▶ ACTIVITY: All entries are to be copied verbatim, while the pictures stay out.

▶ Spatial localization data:
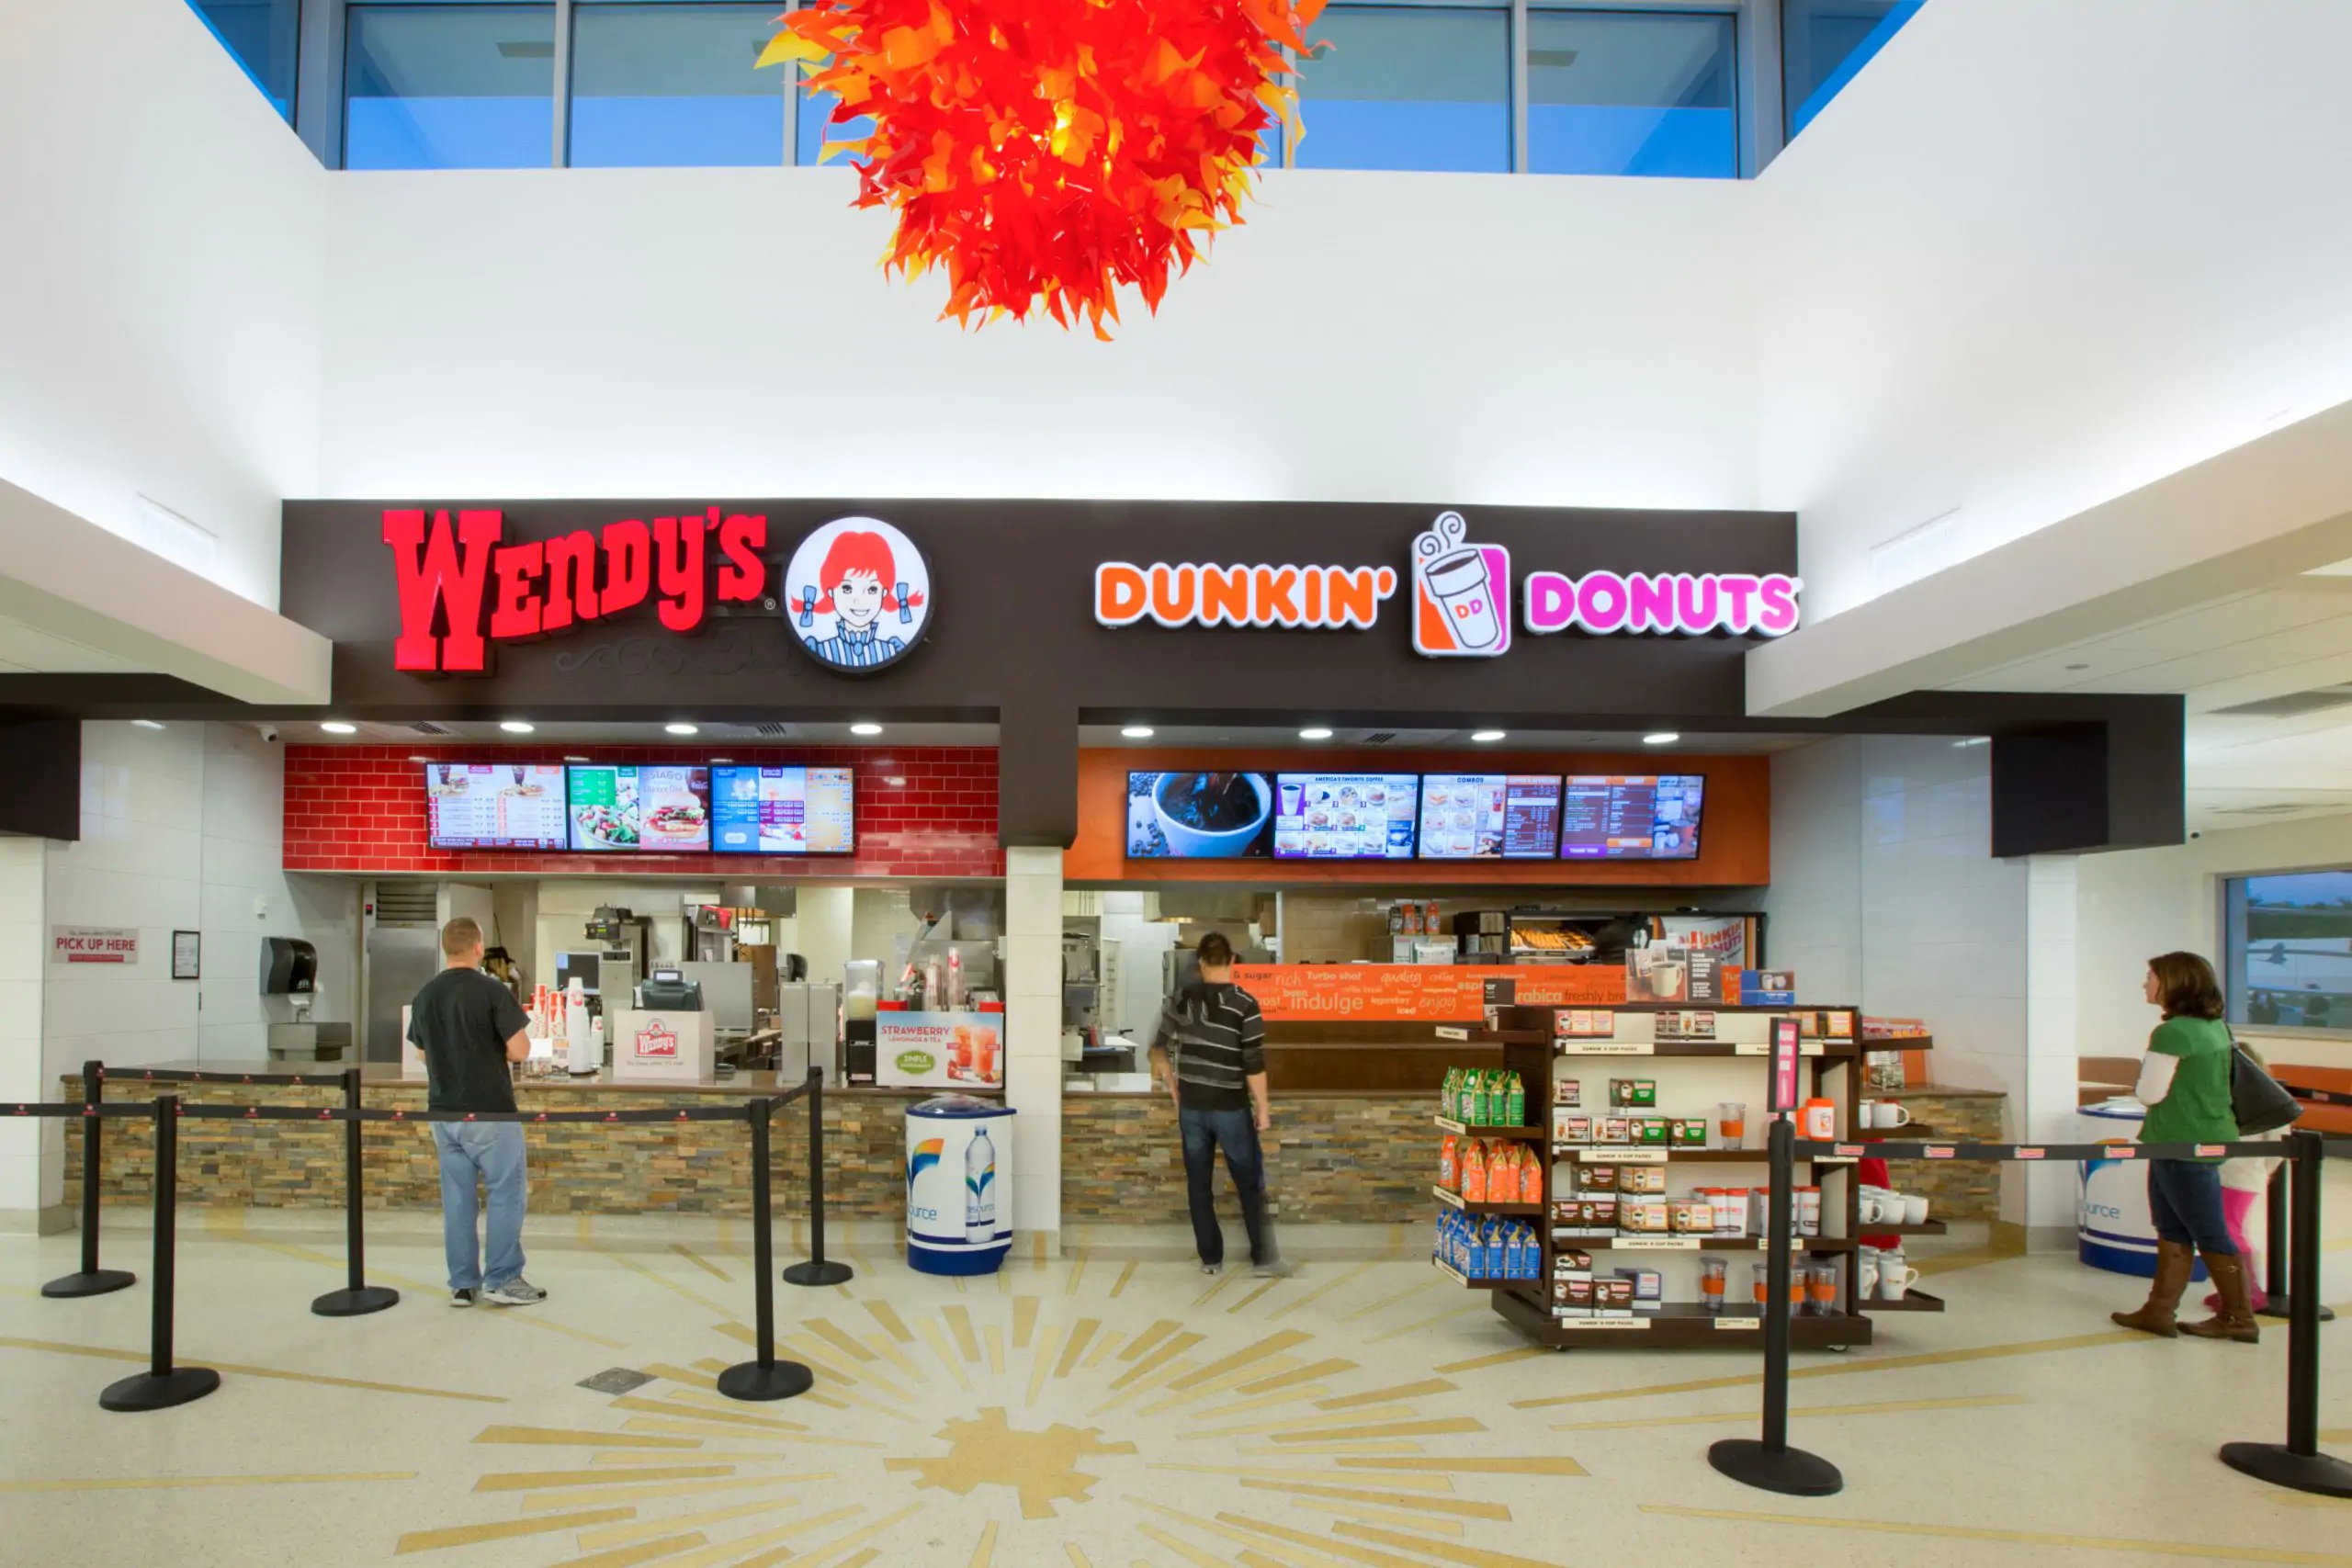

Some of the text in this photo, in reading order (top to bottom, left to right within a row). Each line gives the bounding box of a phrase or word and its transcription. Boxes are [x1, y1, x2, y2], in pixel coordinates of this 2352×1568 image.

[382, 506, 768, 672] Wendy's
[1097, 566, 1798, 631] DUNKIN' DONUTS
[1456, 599, 1483, 618] DD
[56, 937, 136, 952] PICK UP HERE
[1244, 972, 1272, 981] sugar
[1275, 970, 1302, 987] rich
[1306, 970, 1363, 981] Turbo shot
[1380, 968, 1422, 987] quality
[1290, 992, 1363, 1014] indulge
[1516, 989, 1562, 1002] rabica
[1564, 989, 1626, 1003] freshly bre
[1396, 1006, 1417, 1015] iced
[1419, 996, 1457, 1016] enjoy
[881, 1025, 951, 1036] STRAWBERRY
[903, 1055, 928, 1064] SIMPLE
[908, 1208, 937, 1222] ource
[2083, 1203, 2120, 1219] ource
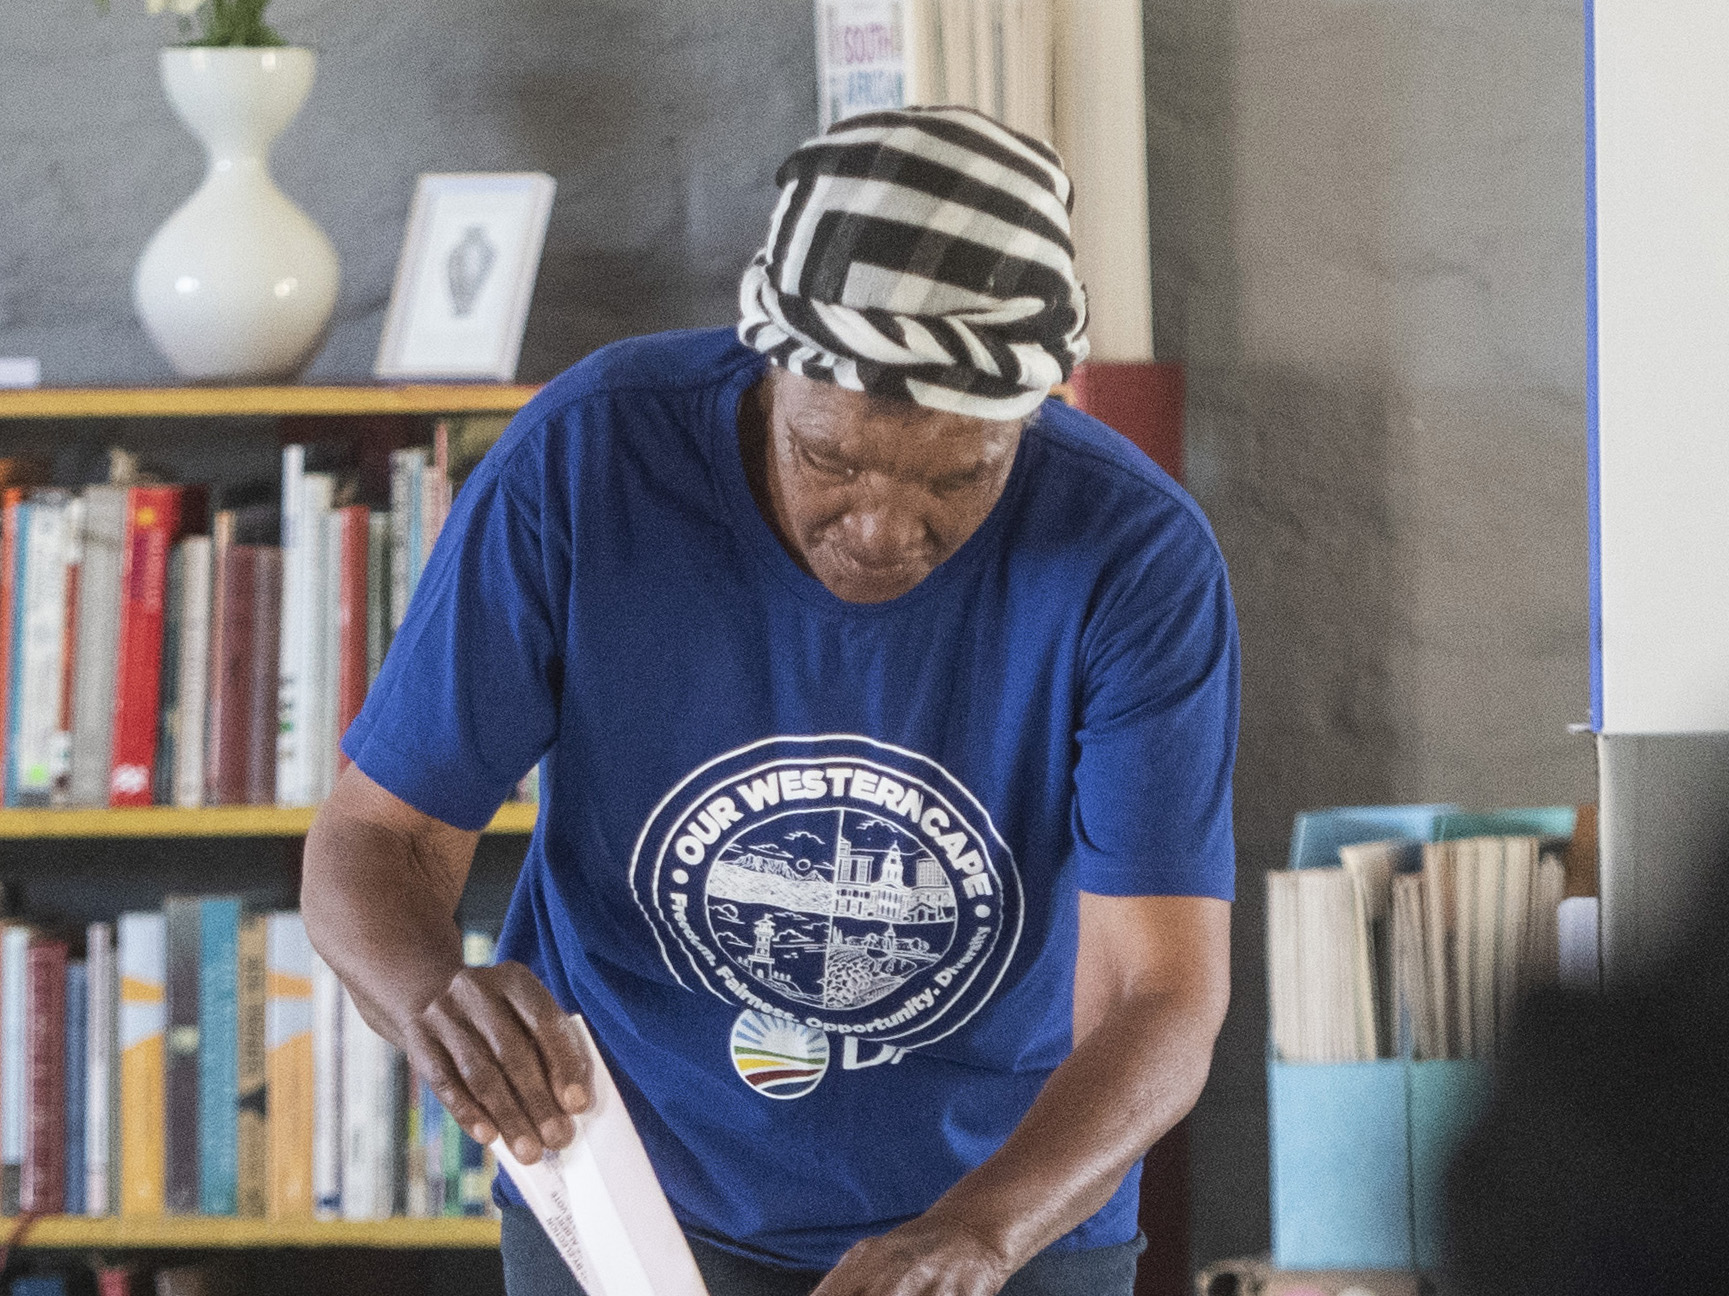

▶ WRITTEN RESPONSE:
Some of the text in this photo, in reading order (top to bottom, left to right within a row). Each line gives the bounding box of a phrase or word and its transcription. Boxes are [x1, y1, x2, y2], in pixel coordinates of this 2352×1568 image.

[382, 506, 768, 672] Wendy's
[1097, 566, 1798, 631] DUNKIN' DONUTS
[1456, 599, 1483, 618] DD
[56, 937, 136, 952] PICK UP HERE
[1244, 972, 1272, 981] sugar
[1275, 970, 1302, 987] rich
[1306, 970, 1363, 981] Turbo shot
[1380, 968, 1422, 987] quality
[1290, 992, 1363, 1014] indulge
[1516, 989, 1562, 1002] rabica
[1564, 989, 1626, 1003] freshly bre
[1396, 1006, 1417, 1015] iced
[1419, 996, 1457, 1016] enjoy
[881, 1025, 951, 1036] STRAWBERRY
[903, 1055, 928, 1064] SIMPLE
[908, 1208, 937, 1222] ource
[2083, 1203, 2120, 1219] ource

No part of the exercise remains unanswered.